Now we import our packages and associate them with a domain.

On the OpenSearch Service console, choose Packages in the navigation pane.
Choose Import package.
Enter a name for your package (for the synonym package, we use my-custom-synonym-package) and optional description.
For Package source, enter the S3 location where synonyms.txt is stored.
Choose Submit.
Repeat these steps to create a package with stopwords.txt.
Choose your synonym package when its status shows as Available.
Choose Associate to a domain.
Select your OpenSearch Service domain, then choose Associate.
Repeat these steps to associate your OpenSearch Service domain to the stopwords package.
When the packages are available, note their IDs.

You use analyzers/id as the file path in your requests to OpenSearch.

Use the custom packages with your data

After you associate a file with a domain, you can use it in parameters such as synonyms_path and stopwords_path when you create tokenizers and token filters. For more information, see OpenSearch Service.

You can create a new index (my-index-test) using the following snippet in the OpenSearch Service domain and specify the Analyzers/id values for the synonyms and stopwords packages.

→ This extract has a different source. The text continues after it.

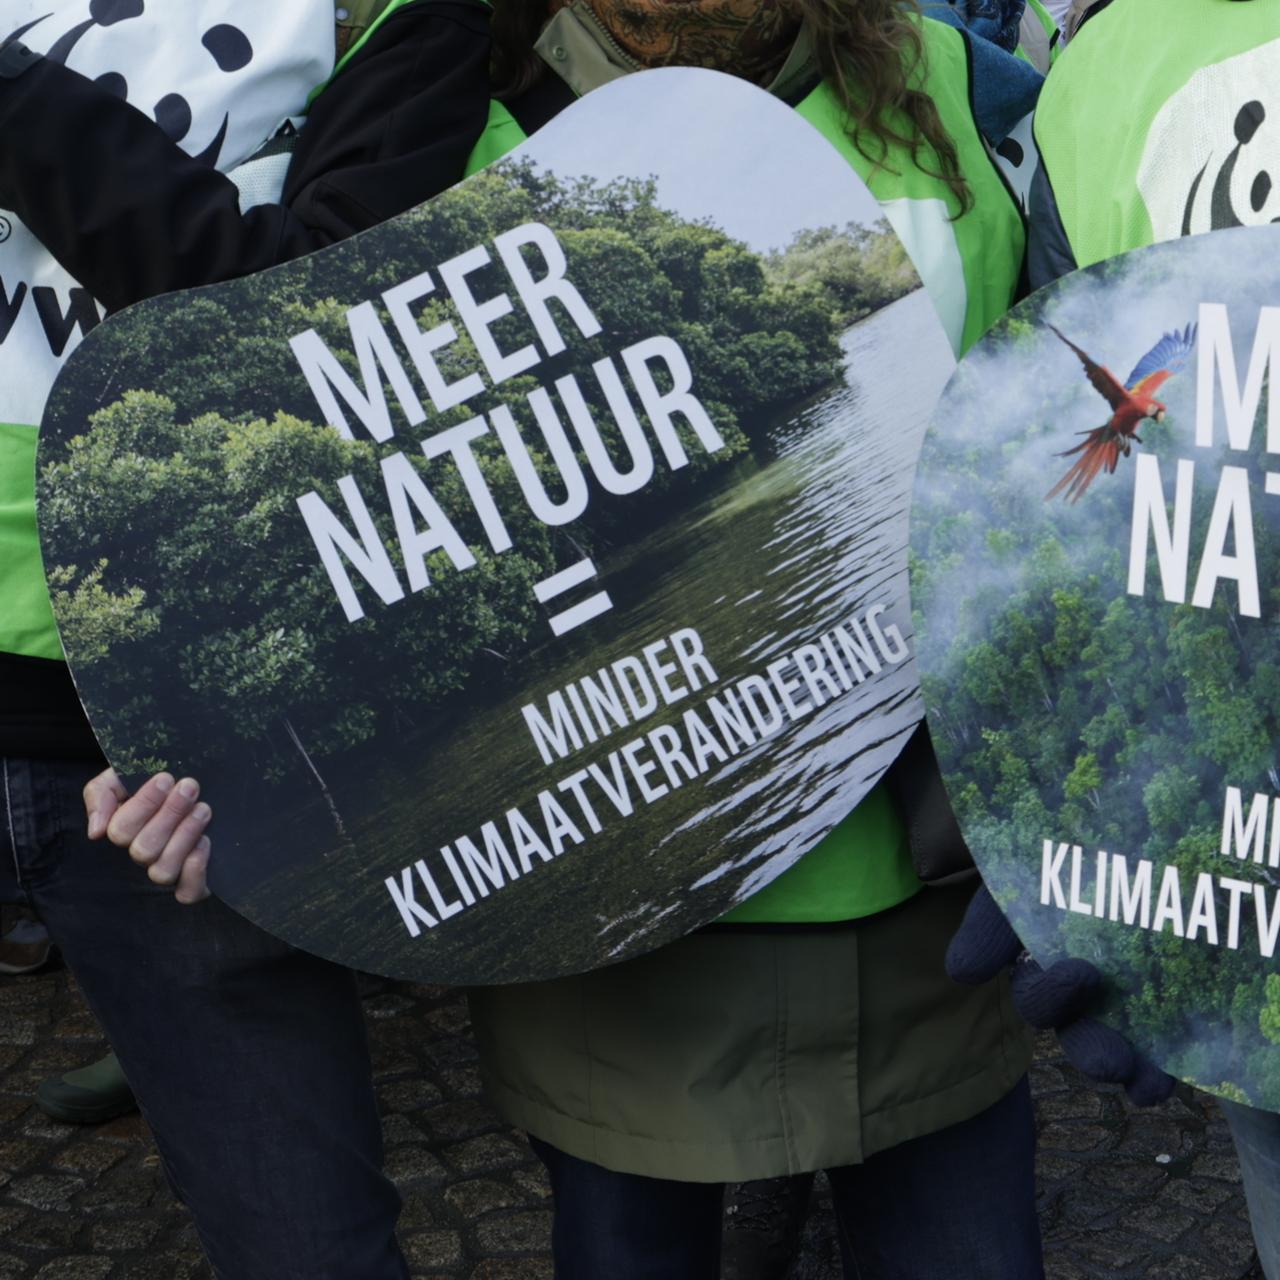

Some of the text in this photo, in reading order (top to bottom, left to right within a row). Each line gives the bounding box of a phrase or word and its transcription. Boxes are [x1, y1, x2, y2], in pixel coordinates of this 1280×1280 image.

Open OpenSearch Dashboards.
On the Home menu, choose Dev Tools.

Enter the following code in the left pane:

PUT my-index-test
{
  "settings": {
    "index": {
      "analysis": {
        "analyzer": {
          "my_analyzer": {
            "type": "custom",
            "tokenizer": "standard",
            "filter": ["my_stop_filter" , "my_synonym_filter"]
          }
        },
        "filter": {
          "my_stop_filter": {
            "type": "stop",
            "stopwords_path": "analyzers/Fxxxxxxxxx",
            "updateable": true
          },
          "my_synonym_filter": {
            "type": "synonym",
            "synonyms_path": "analyzers/Fxxxxxxxxx",
            "updateable": true
          }
            
        }
      }
    }
  },
  "mappings": {
    "properties": {
      "description": {
        "type": "text",
        "analyzer": "standard",
        "search_analyzer": "my_analyzer"
      }
    }
  }
}

Choose the play sign to send the request to create the index with our custom synonyms and stopwords.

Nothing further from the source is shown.